The answer is 66. In Java, when a char is involved in an arithmetic operation with an int, char to int arithmetic promotion automatically converts the char to its Unicode or ASCII numeric value before the calculation. The character 'A' has the ASCII value 65, so the expression c + 1 evaluates to 66, and the result is assigned to the int variable i, which prints as 66. On the Oracle Java Foundations 1Z0-811 exam, this concept tests your understanding of binary numeric promotion, a common topic in questions about mixed-type arithmetic. A frequent trap is forgetting that char is an unsigned 16-bit integer type, not a string, so it participates directly in math. To remember, think: 'A' is 65, so 'A' + 1 is always 66—just add the numeric value.
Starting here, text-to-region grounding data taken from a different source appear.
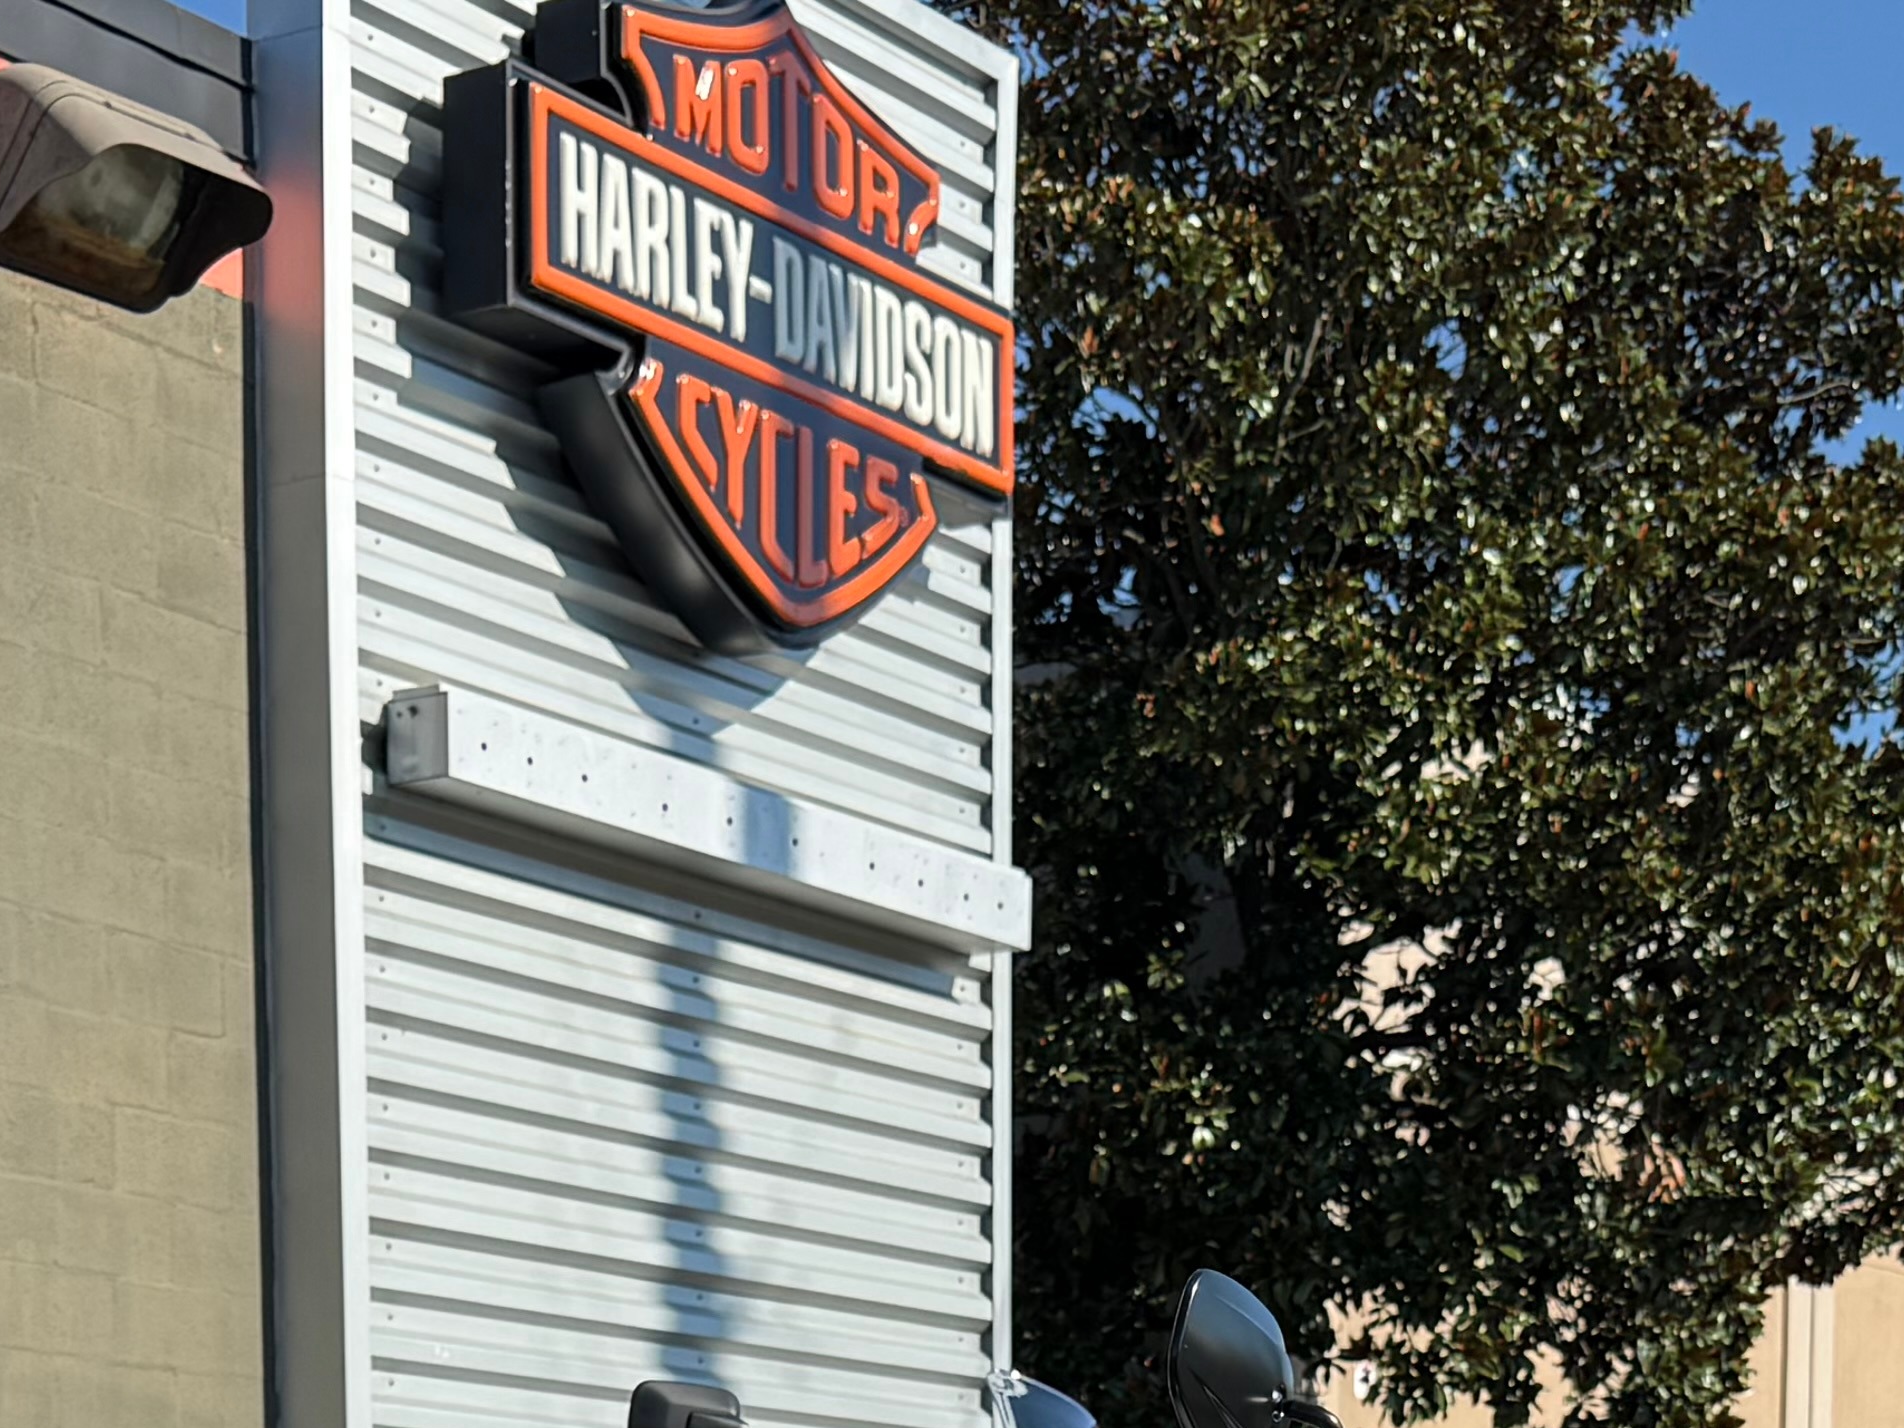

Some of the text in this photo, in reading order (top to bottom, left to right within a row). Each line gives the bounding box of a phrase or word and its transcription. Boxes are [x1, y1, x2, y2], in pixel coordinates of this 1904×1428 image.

[672, 52, 902, 249] MOTOR
[559, 131, 994, 458] HARLEY-DAVIDSON
[675, 373, 900, 589] CYCLES
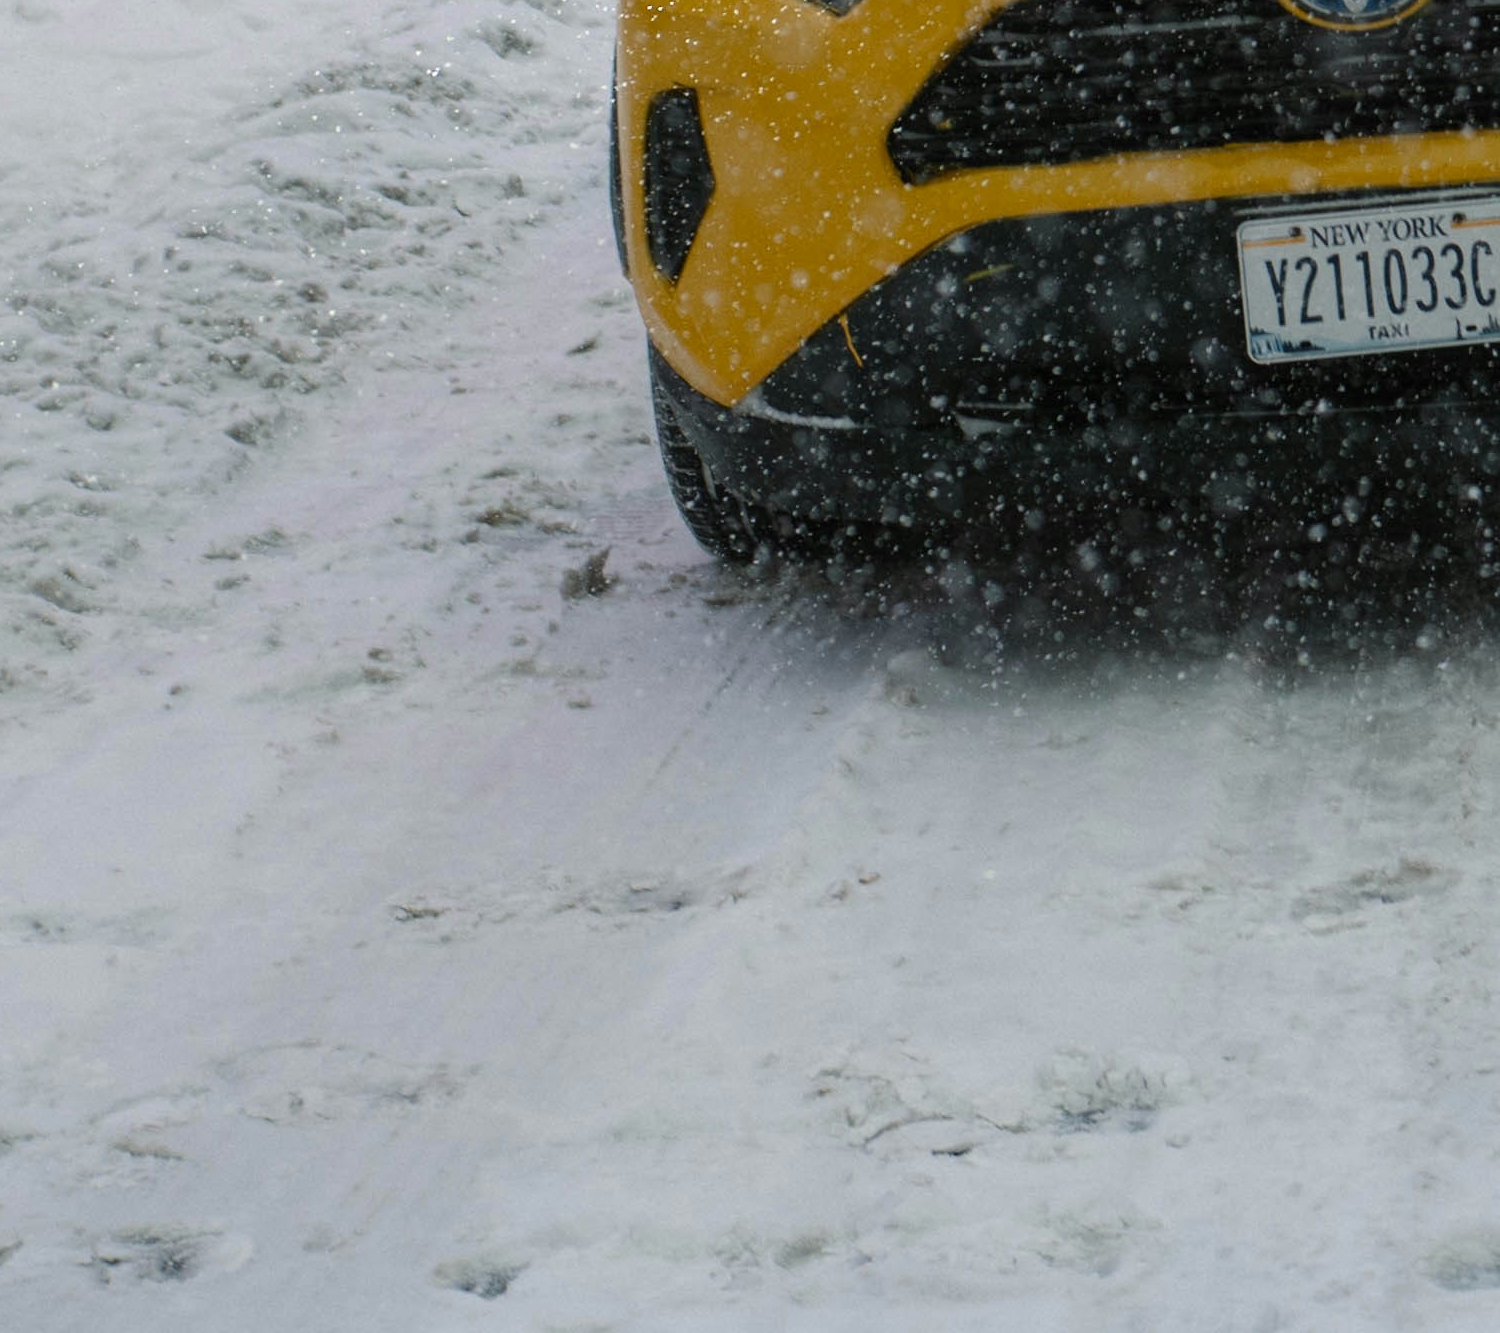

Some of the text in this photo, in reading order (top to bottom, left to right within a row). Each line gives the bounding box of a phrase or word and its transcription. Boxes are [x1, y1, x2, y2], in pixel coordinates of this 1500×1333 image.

[1309, 213, 1450, 250] NEW YORK
[1264, 239, 1497, 327] Y211033C
[1368, 322, 1412, 341] TAXI
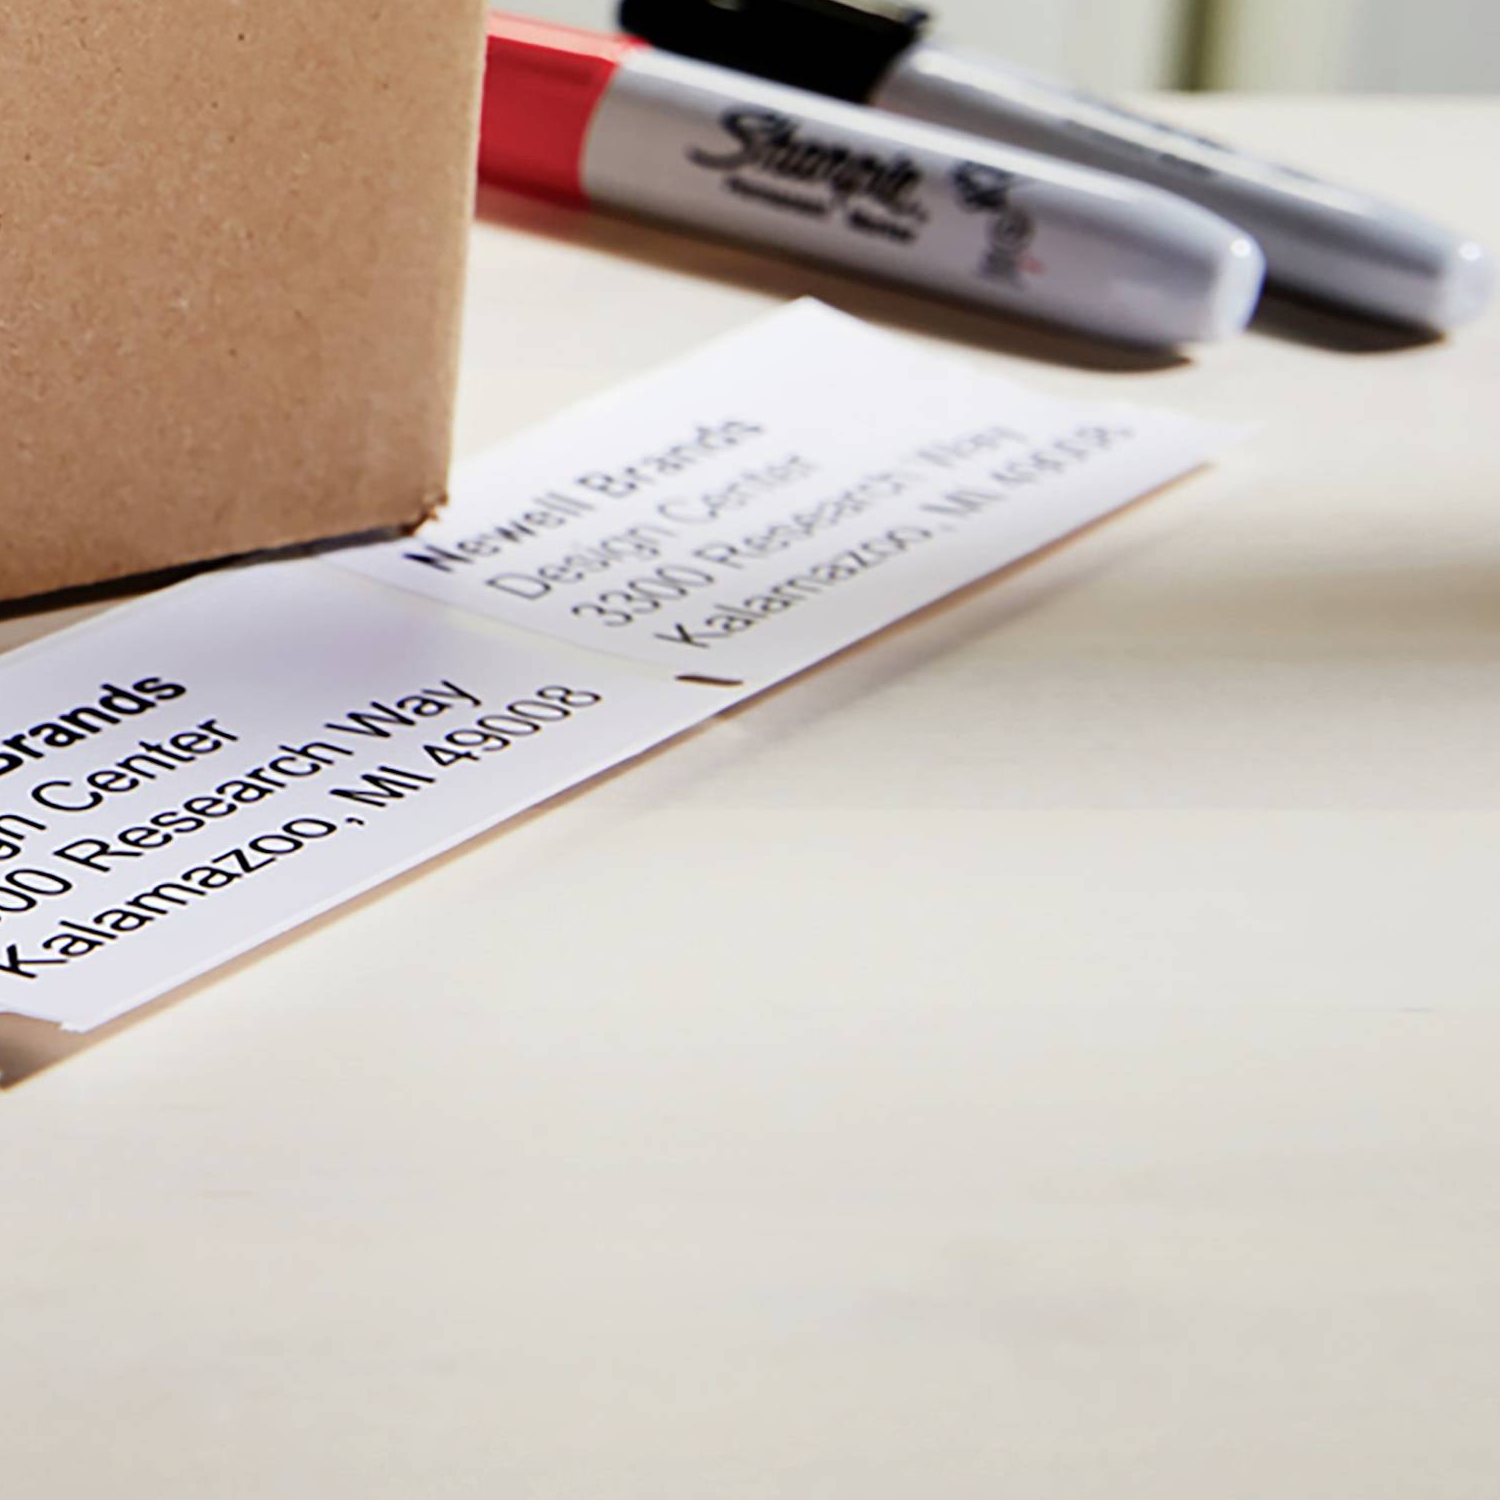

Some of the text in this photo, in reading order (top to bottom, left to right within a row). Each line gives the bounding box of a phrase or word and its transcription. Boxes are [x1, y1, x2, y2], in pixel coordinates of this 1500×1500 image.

1Z0-811 Primitives, Strings and Operators Practice Question

This 1Z0-811 practice question tests your understanding of primitives, strings and operators. Read the scenario carefully and evaluate each option against the stated constraints before committing to an answer. After answering, compare your reasoning against the explanation and wrong-answer breakdown below. Once you have made your selection, read the full explanation to reinforce the concept and understand why each distractor is designed to mislead on exam day.

A developer writes: char c = 'A'; int i = c + 1; System.out.println(i); What is the output?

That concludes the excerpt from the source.